Napalm Death

support Brujeria + Power Trip + Lock Up
author AP date 25/04/17 venue Amager Bio, Copenhagen, DEN

With three out of four bands on the bill sharing members, a cynic might call tonight’s extreme metal extravaganza a bit of a circle-jerk. But remarkably, the performances turn out to be quite different from one another (for better or worse) in most aspects other than the fact that any semblance of melody is at a premium. The size of the turnout convinces me that grindcore still remains a rather acquired taste, but although the booker’s choice of venue was too ambitious in retrospect, at the very least one gets the feeling that most of the 500-or-so patrons in attendance are true connoisseurs of the genre.

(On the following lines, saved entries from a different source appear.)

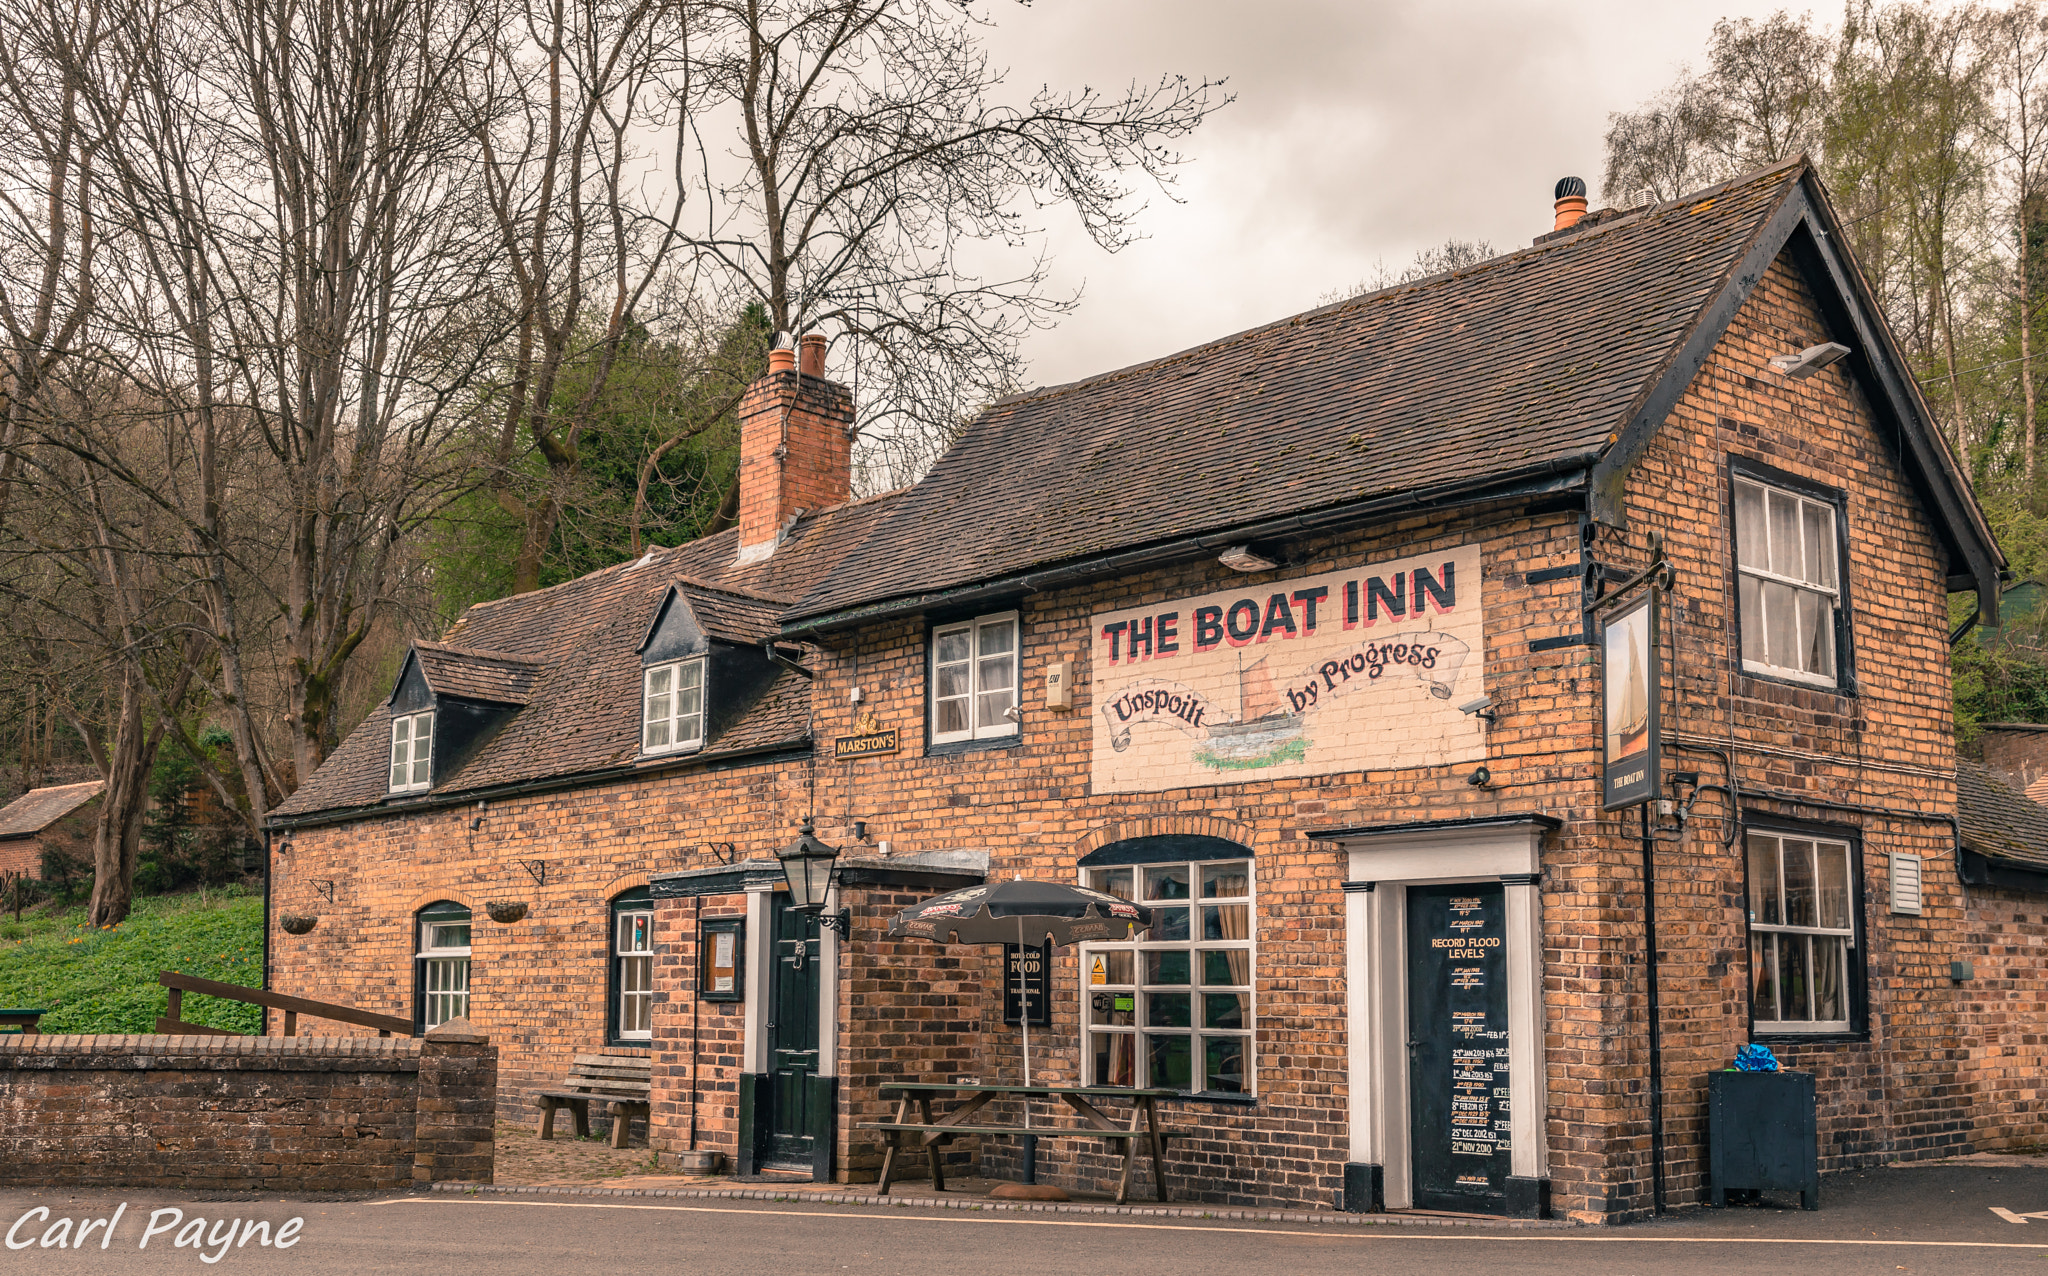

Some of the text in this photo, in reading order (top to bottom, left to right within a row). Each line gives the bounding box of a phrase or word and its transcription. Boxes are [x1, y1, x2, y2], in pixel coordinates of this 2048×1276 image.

[1101, 561, 1455, 666] THE BOAT INN
[1286, 642, 1441, 712] by Progress
[1112, 688, 1206, 728] Unspoilt
[837, 735, 895, 754] MARSTON'S
[1613, 769, 1645, 789] THE BOAT INN
[1432, 937, 1500, 948] RECORD FLOOD
[1449, 949, 1485, 959] LEVELS
[1486, 1031, 1499, 1039] FEB
[1494, 1062, 1503, 1070] FEB
[1460, 1070, 1471, 1078] JAN
[1462, 1129, 1473, 1138] DEC
[1463, 1142, 1475, 1152] NOV
[1476, 1143, 1492, 1154] 2010

All photos courtesy of Peter Troest

Lock Up

Grindcore has never been my cup of tea but even so, the genre does hold a certain intrigue when it comes to experiencing it live — it tends to sound less mechanistic and totally out-of-control. The supergroup Lock Up, which is pieced together from Napalm Death’s Shane Embury on bass, Criminal’s Anton Reisenegger on guitar, Nicholas Barker of Cradle of Filth & Dimmu Borgir fame on drums and Kevin Sharp from the now-defunct Brutal Truth on vocals, certainly adheres to this idea, transforming the brutal, yet darkly melodic sound heard on their records into a terrifying deluge of noise which seems to paralyse the turnout here. Indeed, there is a clear dichotomy between the madness emanating from the PA and the inertia on the floor — no moshing and very little headbanging, with horns and cheers in between the songs the only sign that people do appreciate this stuff.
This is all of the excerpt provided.